Ficou imóvel enquanto ele a tocava, não reagindo de forma alguma exceto olhando para ele. Claro que não acreditava em nenhuma daquelas palavras, achava que só duraria até a próxima lua ou seja tá como funcionava a bipolaridade do irmão.
- Está perdendo seu tempo aqui.
Só então se moveu, se levantando da mesa para pegar a bíblia sobre a cama, se ajoelhar mais uma vez no chão e tornar a rezar.
Deixou ela se afastar e assistiu o que iria fazer. Quando viu a bíblia e a irmã se ajoelhar, apenas respirou fundo, se controlando. Andou até Catherina, parando atrás dela, se abaixou e deu um beijo demorado no seu rosto. Afastou-se e saiu da cela sem dizer mais nada.

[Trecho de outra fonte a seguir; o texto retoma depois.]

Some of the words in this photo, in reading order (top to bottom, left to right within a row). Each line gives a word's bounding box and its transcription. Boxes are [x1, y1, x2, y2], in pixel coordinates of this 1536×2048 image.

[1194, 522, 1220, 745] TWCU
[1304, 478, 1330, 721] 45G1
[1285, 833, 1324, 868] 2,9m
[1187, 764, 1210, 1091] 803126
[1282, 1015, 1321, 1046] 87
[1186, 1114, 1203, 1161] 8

Escutando os passos, realmente achou que o golpe viria dali, mas foi um beijo. Ela ainda tremia quando a porta fechou, soltando o ar com força e chorando. Precisava que Nemo viesse logo para cuidar de suas feridas emocionais.
Do lado de fora, Petrus esperava chegarem na sala do Papa para perguntar:
- Sucesso?
- Nenhum.
Estava completamente dividido. Parte estava feliz por ela não ter traído e a outra parte estava triste por não ter conseguido nada. Aquilo era mais complicado do que esperava. Ordenou:
- Hoje o mudinho não vai visitá-la. Leve o jantar para ela.

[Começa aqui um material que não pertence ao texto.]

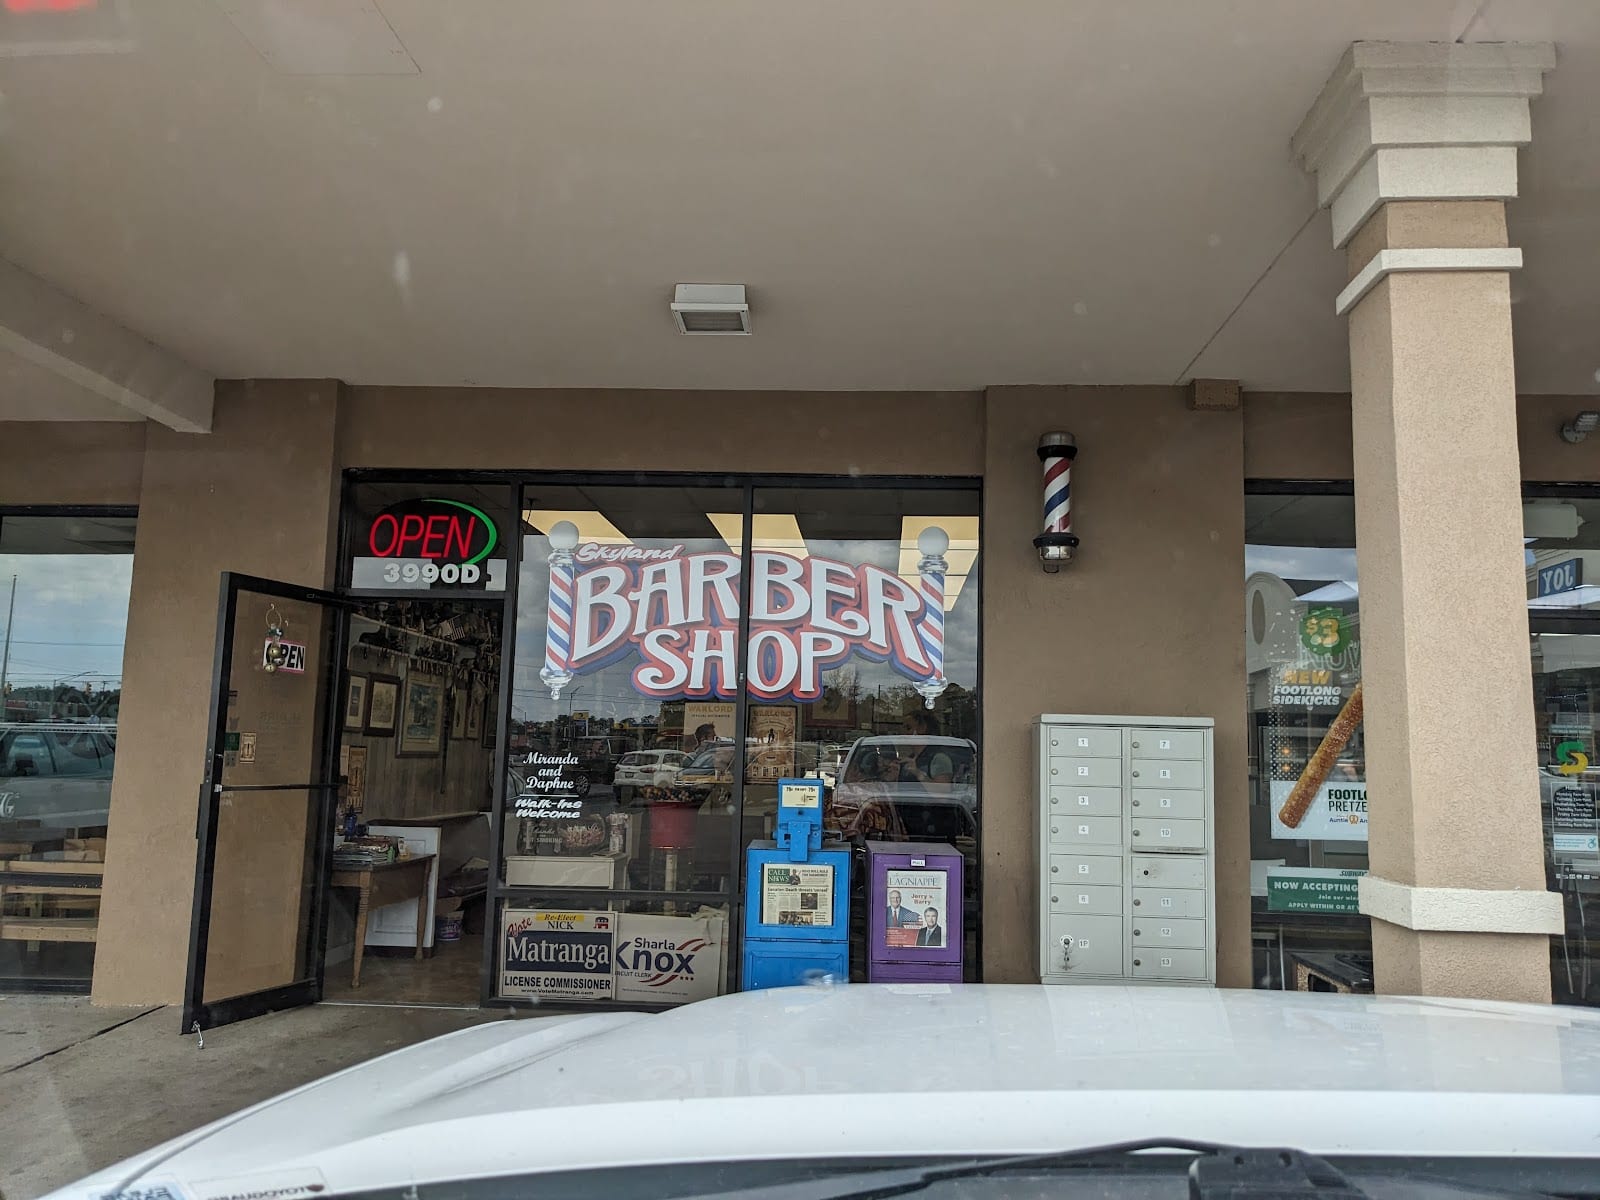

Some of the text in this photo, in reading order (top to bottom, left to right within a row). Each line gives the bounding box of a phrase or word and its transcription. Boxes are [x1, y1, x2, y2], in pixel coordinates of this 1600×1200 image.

Petrus pensou em perguntar se tinha certeza, mas desistiu, a intimidade um tinha limite bem claro: quando Francesco não extravasava a tensão com alguma mulher, fosse comendo ou fosse batendo, sobrava para quem estivesse mais perto. Sendo assim, de noite, foi o Padre quem levou a comida, colocando sobre a mesa e encontrando Catherina ainda rezando.
- Seu jantar - ele falou.
A Duquesa se virou na mesma hora, achando estranho depois da semana anterior.
- Onde está Nemo?
O coração dela apertava, se perguntava se Francesco o havia matado. Petrus conseguia notar isso em sua voz.
- Ele está bem, apenas foi destacado para outro serviço essa noite. Coma.
Também não seria excessivamente simpático, mas devia a ela por salvar Paula. Assim, deixou-a sozinha na cela mais uma vez.
Pouco tempo depois, chegava mais um jantar, que era colocado na mesa junto ao dela. Não demorou e quem passava a porta era Francesco.
- Seu mudo não vem hoje - então se arrumava na mesa para jantar.
Mal havia levantado do chão para ir comer quando viu o segundo prato de comida e não entendeu nada até ver o irmão entrar.
- Mais essa agora? - Perguntou indignada.
Estava já com planos de passar a noite abraçada e dormir aquecida pelo corpo do seu homem, planos que pelo visto foram adiados. Ainda assim, com toda a sua majestade, sentou-se na mesa diante do irmão e começou a comer com seus modos impecáveis.
- Pode tentar o quanto quiser nos afastar, não vai conseguir.
Francesco comia sem tantos modos, como se estivesse com seus soldados da Inquisição. Balançou a cabeça como se não estivesse entendendo o que ela falava.
- Foi ele quem pediu para trocar o turno com Petrus. Se não me importei em tirar ele em uma semana, porque faria hoje?
Estreitou o olhar, com clara reprovação à forma como o irmão comia com ela.
- Pelo mesmo motivo que se preocupou de vir comer aqui comigo - o famoso "porque quis" que ele tanto usava.
- Achei que ficaria feliz em ter companhia, já que não vai ter um macho para te domar essa noite - continuou comendo sem se importar com os olhares de reprovação.
- Desde quando se importa com o que me faz feliz ou não?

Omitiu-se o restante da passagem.